Sunday, February 19, 2012

Distractions




How easily am I distracted. I got a whole helluva' lot going on right now. Case in point: I had to cancel my spring break plans to San Diego to see my wife. The military decided to send her off somewhere in the desert. They have her leaving on the holiday tomorrow, but the problem is she is just finding out about this. They told her Thursday. I tend to overreact often, but in this situation I like to think I gave the appropriate response. I canceled my vacation and began looking for last minute flights out of Boston and hotels for the next day. Only someone who had good intentions, questionable, wanted to assist me. I told them I had it under control.
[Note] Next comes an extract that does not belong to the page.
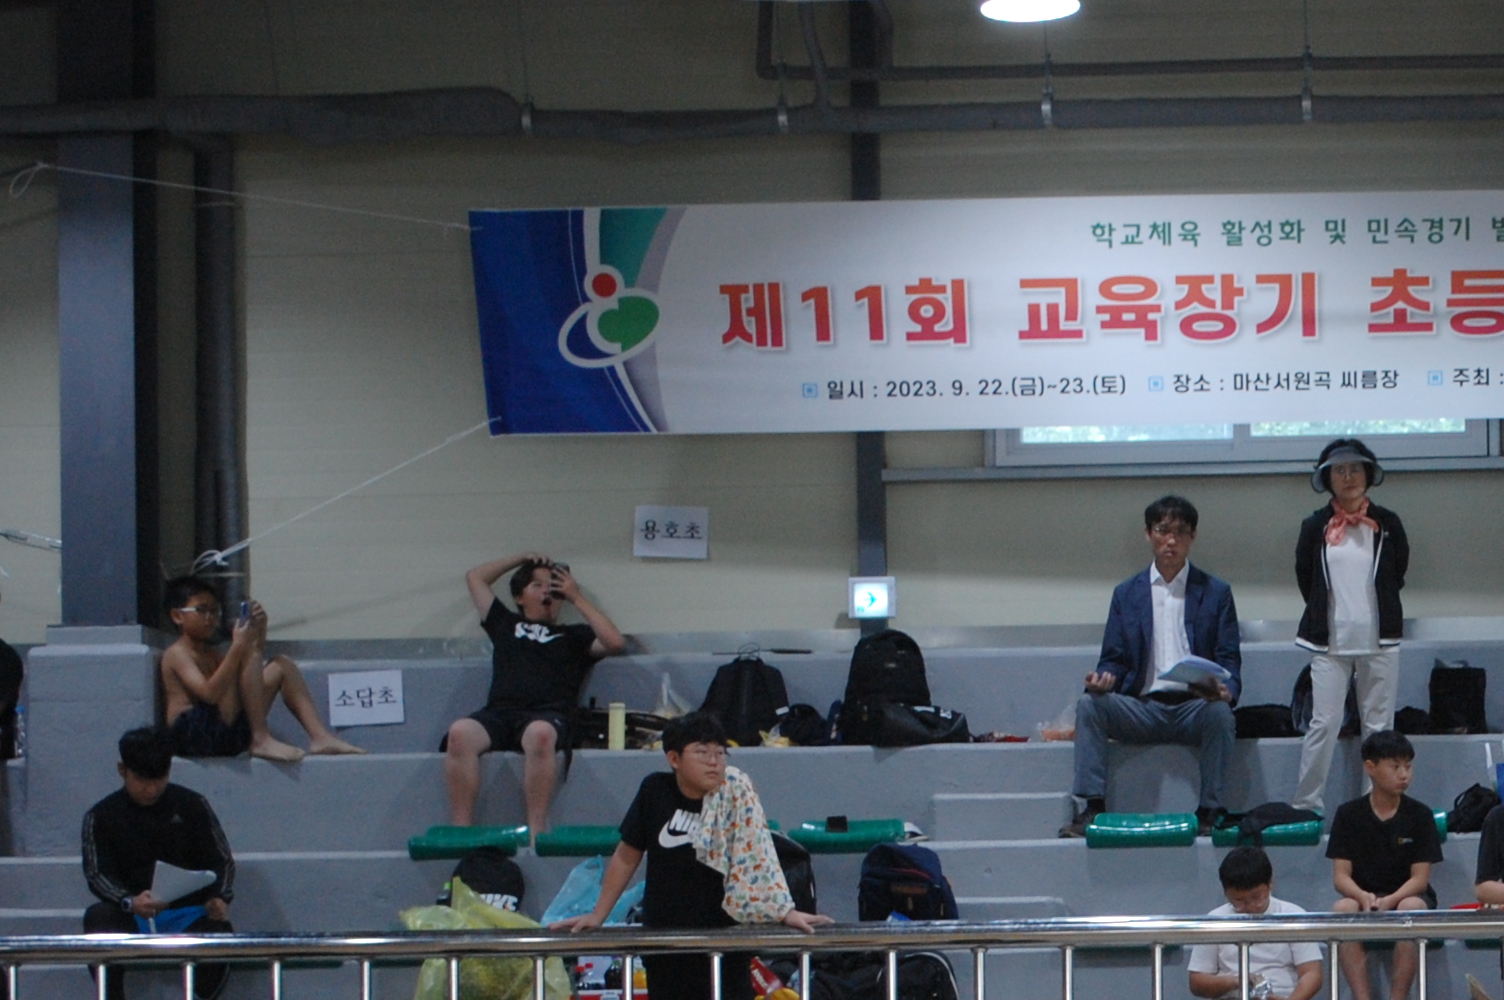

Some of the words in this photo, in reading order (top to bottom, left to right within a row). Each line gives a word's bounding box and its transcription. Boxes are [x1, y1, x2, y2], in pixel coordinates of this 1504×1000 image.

Now this person is right over my shoulder, mind you, insisting despite my firm answer. As I am trying to multi-task, the same question is being tossed at me in different forms: "What can I do to help you?, Is there anything I can do?, See if there are any AAA awards benefits?" etc. to the point where I no longer know what I am looking for on the computer, on Orbitz and Priceline and many other travel websites. Then, I become rude, relocate somewhere quiet, and frantically find some travel arrangements...

That lead me to Logan Airport the next day at check-in, an hour prior to my flight's departure. Only, somehow, despite having a clear plan of attack in constructing a flight itinerary, I chose the month of March for my departure date on Orbitz, not the month of February. I need space, I need time to do things quietly, with little distractions, but I also appreciate help and assistance. Not bombarding me with questions is assisting me if I ask to be left alone momentarily to book my flight without distraction. I guess this is just me being careless, as usual; the world tells me I need to focus and pay attention. Pay attention. In crisis mode at the airport, I paid enough attention to dash from terminal A to terminal C to secure the last seat on a Jet Blue flight heading to Long Beach California, a long way from San Diego, where she and I went to Sea World yesterday, and an even longer way from my eventual arrival of Texas to see my wife off as she travels into harm's way. Yet, I need to pay attention more when it counts, and not be so easily distracted.

Wednesday, February 1, 2012

Express Glasses

Sometimes, I'll wear eye glasses despite my 20/20 vision. There's a reason for this. I cannot maintain eye contact without a barrier between my gaze and whomever meets it with his or her own. At times, it physically hurts me to maintain such communication. That's what eye contact is, standard communication. When I wear my glasses, reality is filtered through their lenses, like a broadcast transmitted by a television screen, and believe me; I can watch t.v. That's just the tip of the iceberg. Once I'm able to maintain eye contact with someone, I lose track of what is being discussed because I cannot decipher mood and nonverbal language while simultaneously following the conversation, which, like all convos I have ever had, easily trails off into a minute-long dud. I suffer from inattentive-ADHD and NLVD, non-verbal learning disorder, which is on the autism spectrum. This blog will be about how I deal with these issues because they have gone undiagnosed throughout my entire life... until now, I thought I was normal, or, how I saw the world, perceived it, interacted with it, is how everyone else did also.

But, somewhere, deep inside my subconscious mind, I must have known something wasn't right, so I went to the mall and bought a pair of glasses that help me see a little clearer; and since then my life has not been the same.